=== TASK REQUIREMENTS ===
Return all the entries exactly. No pictures.

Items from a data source
------------------------------
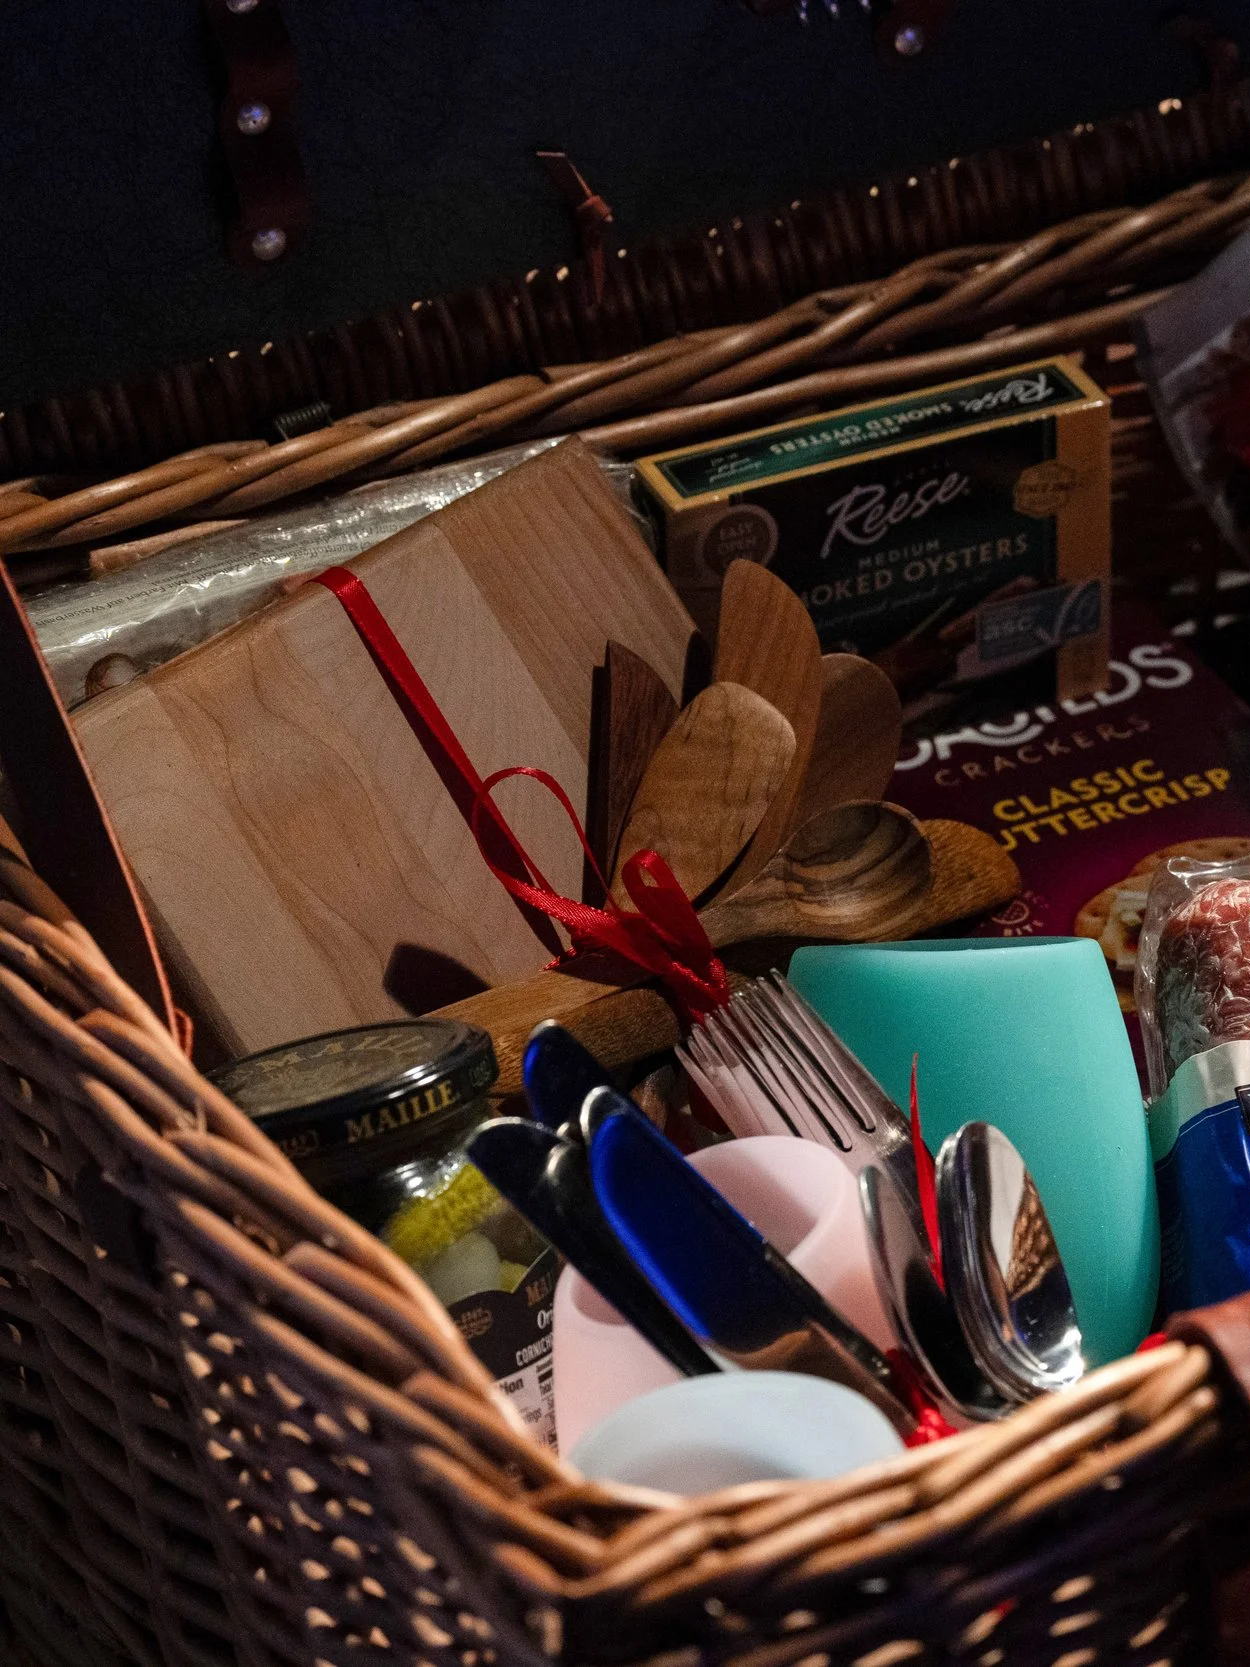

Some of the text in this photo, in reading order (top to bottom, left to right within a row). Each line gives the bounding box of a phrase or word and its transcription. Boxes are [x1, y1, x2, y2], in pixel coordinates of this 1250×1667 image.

[964, 373, 1054, 411] Reese
[769, 401, 953, 456] SMOKED OYSTERS
[820, 472, 970, 559] Reese
[803, 568, 895, 608] OKED
[903, 533, 1029, 584] OYSTERS
[858, 538, 941, 570] MEDIUM
[35, 604, 107, 628] Wasserbasis
[107, 596, 126, 610] auf
[127, 585, 167, 602] Farben
[934, 716, 1151, 788] CRACKERS
[993, 758, 1164, 824] CLASSIC
[344, 1079, 460, 1144] MAILLE
------------------------------
=== RESULT ===
Some of the text in this photo, in reading order (top to bottom, left to right within a row). Each line gives the bounding box of a phrase or word and its transcription. Boxes are [x1, y1, x2, y2], in pixel coordinates of this 1250×1667 image.

[964, 373, 1054, 411] Reese
[769, 401, 953, 456] SMOKED OYSTERS
[820, 472, 970, 559] Reese
[803, 568, 895, 608] OKED
[903, 533, 1029, 584] OYSTERS
[858, 538, 941, 570] MEDIUM
[35, 604, 107, 628] Wasserbasis
[107, 596, 126, 610] auf
[127, 585, 167, 602] Farben
[934, 716, 1151, 788] CRACKERS
[993, 758, 1164, 824] CLASSIC
[344, 1079, 460, 1144] MAILLE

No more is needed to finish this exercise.